So the classic study was, people in Palo Alto, California, Freedman was at Stanford at the time, they were asked to put a small sign in their window of their car or their home that said, “Please drive safely. National Driver Safety Week.” Some were asked to do so. Others of their neighbors were not asked to do that. Then a week later, somebody came to their homes and asked them to put a big sign on their lawn promoting driver safety week. Those people who put the small sign in their window were significantly more likely to put the large sign on their lawn.

“One assumption about compliance that has often been made either explicitly or implicitly is that once a person has been induced to comply with a small request he is more likely to comply with a larger demand. This is the principle that is commonly referred to as the foot-in-the-door or gradation technique”

Freedman, J. L., & Fraser, S. C. (1966). Compliance without pressure: the foot-in-the-door technique. Journal of personality and social psychology, 4(2), 195.

So persuasion is sometimes as simple as eliciting someone’s explicit commitment to do something they implicitly know is right and achievable. Our human social nature compels them to follow through in many circumstances.

Persuasion: an interview with psychologist Robert Cialdini

In the first-year critical thinking course I teach, I set the stage with a point about rhetoric: persuasion is everywhere, and awareness is the first step in thwarting undesired manipulation. So it was with great interest that I listened to the most recent 2-part episode of the Hidden Brain podcast, called simply Persuasion.

Over 98 minutes, the episodes draw on Robert Cialdini’s 45-year psychology career, which includes not just his peer-reviewed research but his years spent undercover in used car sales training sessions. His book, Influence: The Psychology of Persuasion, expanded and republished in 2021, distills the scientific research into seven principles of persuasion:

  • Reciprocation
  • Commitment and consistency
  • Social proof
  • Liking
  • Authority
  • Scarcity
  • Unity

When invoked, each principle exerts significant pressure on the people with whom we communicate. Like all strategies, these persuasive principles can be used either ethically or unscrupulously.

I am imagining using each one of these principles, one per class session, in a roughly five minute activity, to illustrate persuasion in practice.

With cue cards and props, I picture having two volunteers act out a scene, drawn from Cialdini’s book or another source, depicting the principle, and then asking the class to identify what made the scene persuasive. Importantly, I will not explain or define the principles beforehand, but allow the students to cogitate and construct the meaning for themselves.
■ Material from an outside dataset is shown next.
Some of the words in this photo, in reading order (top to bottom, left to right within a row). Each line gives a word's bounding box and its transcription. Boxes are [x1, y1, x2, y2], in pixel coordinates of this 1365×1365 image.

I plan to write separate posts describing each of Cialdini’s seven types of persuasion, in no particular order.

Reciprocation

One form of influence is encapsulated in the Golden Rule: do unto others as you would have them do unto you. This basic kind of fairness, reciprocity, seems ingrained in human nature. It may be a just way to treat other people, but reciprocity can also be employed for manipulative ends.
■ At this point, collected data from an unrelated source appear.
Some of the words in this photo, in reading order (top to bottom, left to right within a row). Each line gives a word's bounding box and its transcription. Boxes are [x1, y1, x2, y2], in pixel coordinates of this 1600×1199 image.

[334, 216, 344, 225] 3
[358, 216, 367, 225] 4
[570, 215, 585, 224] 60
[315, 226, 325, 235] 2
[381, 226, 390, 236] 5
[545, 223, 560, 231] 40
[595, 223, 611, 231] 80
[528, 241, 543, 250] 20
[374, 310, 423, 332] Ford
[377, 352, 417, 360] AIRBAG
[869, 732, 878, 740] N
Years ago, members of the Hari Krishna sect would occupy airport lobbies, raising money and seeking converts. A very effective tactic was to hand flowers to travelers as “gifts”. Cialdini explains it this way:

They would walk up to people and press a flower into their hands, a passenger in the airport somewhere, and they wouldn’t take it back. And they say, “No, no, no. That is our gift to you. However, if you would like to give a gift to us for the good works of our society, that would be greatly appreciated.” And I remember watching them operate like this and people, they weren’t able to simply walk away with the flower, they felt a need to give back because they had received. The interesting thing was if I followed them, I would see that the first waste container they came to, they would throw the flower with force into the garbage because they didn’t want it. They wanted to be released from violation of the rule for reciprocity. That’s what they paid for.

Notice the last two sentences: the hapless travelers wanted neither the flowers nor to give the donations, but having the former, an intrinsic reciprocity drove them to the latter.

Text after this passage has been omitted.